Collected data
+++++

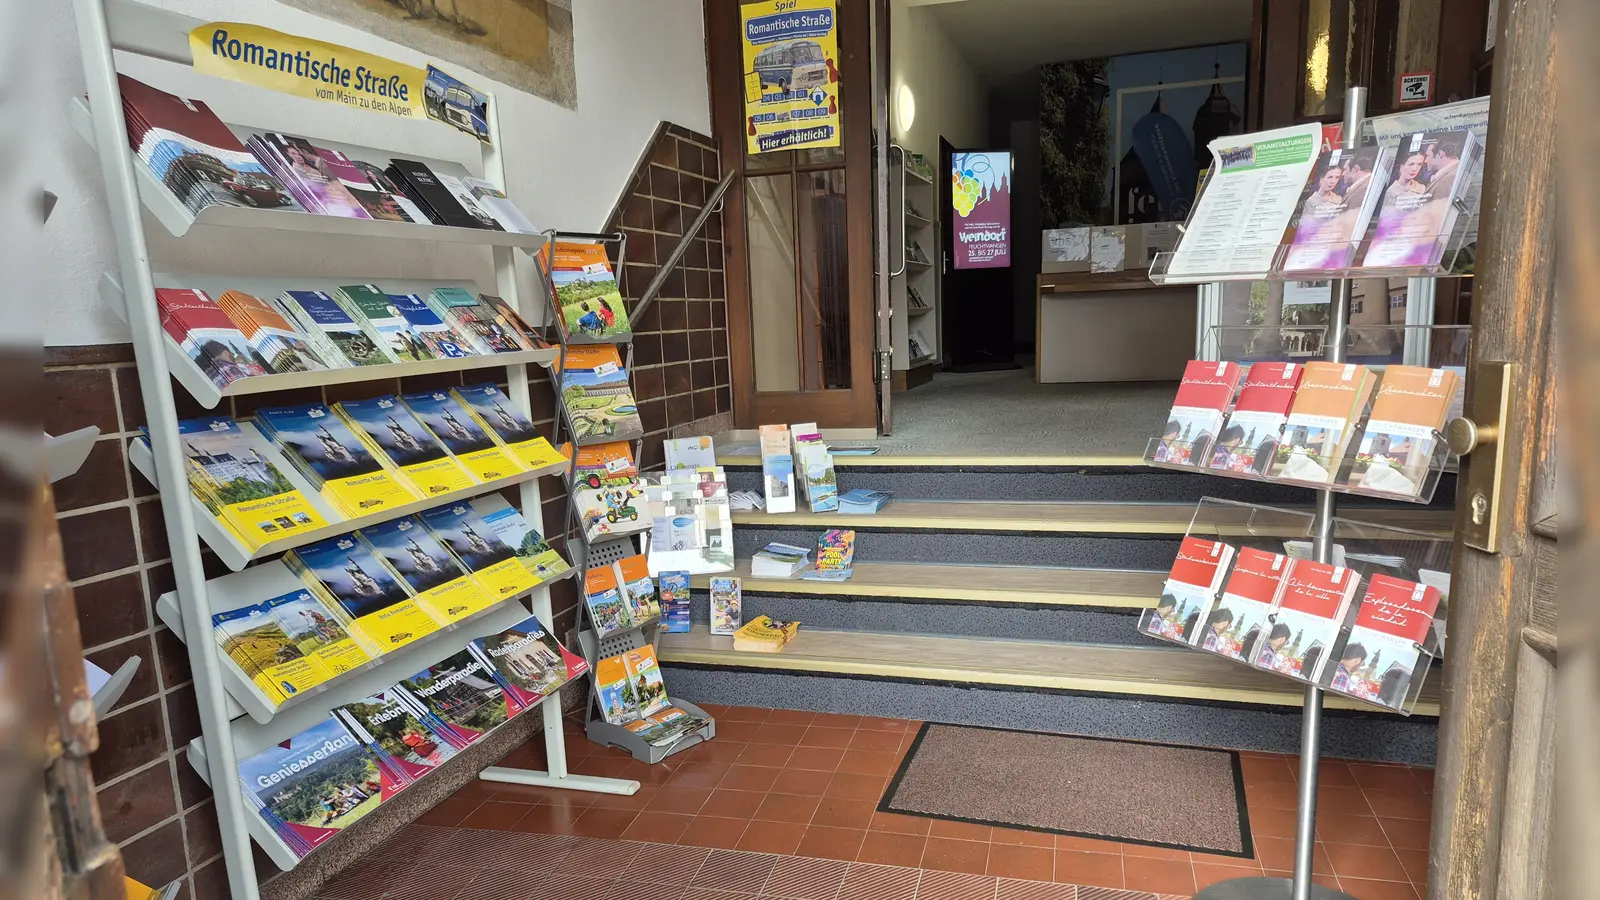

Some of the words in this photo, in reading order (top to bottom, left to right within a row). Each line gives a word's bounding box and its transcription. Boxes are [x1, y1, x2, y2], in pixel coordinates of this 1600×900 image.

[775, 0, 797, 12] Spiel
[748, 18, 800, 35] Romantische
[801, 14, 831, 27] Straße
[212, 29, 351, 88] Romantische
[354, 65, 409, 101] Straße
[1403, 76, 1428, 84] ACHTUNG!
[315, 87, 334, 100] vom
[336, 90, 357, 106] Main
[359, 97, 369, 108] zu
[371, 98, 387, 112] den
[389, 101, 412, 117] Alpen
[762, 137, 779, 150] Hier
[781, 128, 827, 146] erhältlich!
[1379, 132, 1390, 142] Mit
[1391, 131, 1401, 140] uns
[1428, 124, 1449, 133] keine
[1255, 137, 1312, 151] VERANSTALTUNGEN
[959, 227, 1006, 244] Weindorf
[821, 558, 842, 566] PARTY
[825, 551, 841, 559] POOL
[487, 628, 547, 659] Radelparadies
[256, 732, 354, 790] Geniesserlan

+++++

**WHAT THE TASK ASKS:** Give the records back verbatim, pictures excluded.

**SOLUTION BELOW:**
Some of the words in this photo, in reading order (top to bottom, left to right within a row). Each line gives a word's bounding box and its transcription. Boxes are [x1, y1, x2, y2], in pixel coordinates of this 1600×900 image.

[775, 0, 797, 12] Spiel
[748, 18, 800, 35] Romantische
[801, 14, 831, 27] Straße
[212, 29, 351, 88] Romantische
[354, 65, 409, 101] Straße
[1403, 76, 1428, 84] ACHTUNG!
[315, 87, 334, 100] vom
[336, 90, 357, 106] Main
[359, 97, 369, 108] zu
[371, 98, 387, 112] den
[389, 101, 412, 117] Alpen
[762, 137, 779, 150] Hier
[781, 128, 827, 146] erhältlich!
[1379, 132, 1390, 142] Mit
[1391, 131, 1401, 140] uns
[1428, 124, 1449, 133] keine
[1255, 137, 1312, 151] VERANSTALTUNGEN
[959, 227, 1006, 244] Weindorf
[821, 558, 842, 566] PARTY
[825, 551, 841, 559] POOL
[487, 628, 547, 659] Radelparadies
[256, 732, 354, 790] Geniesserlan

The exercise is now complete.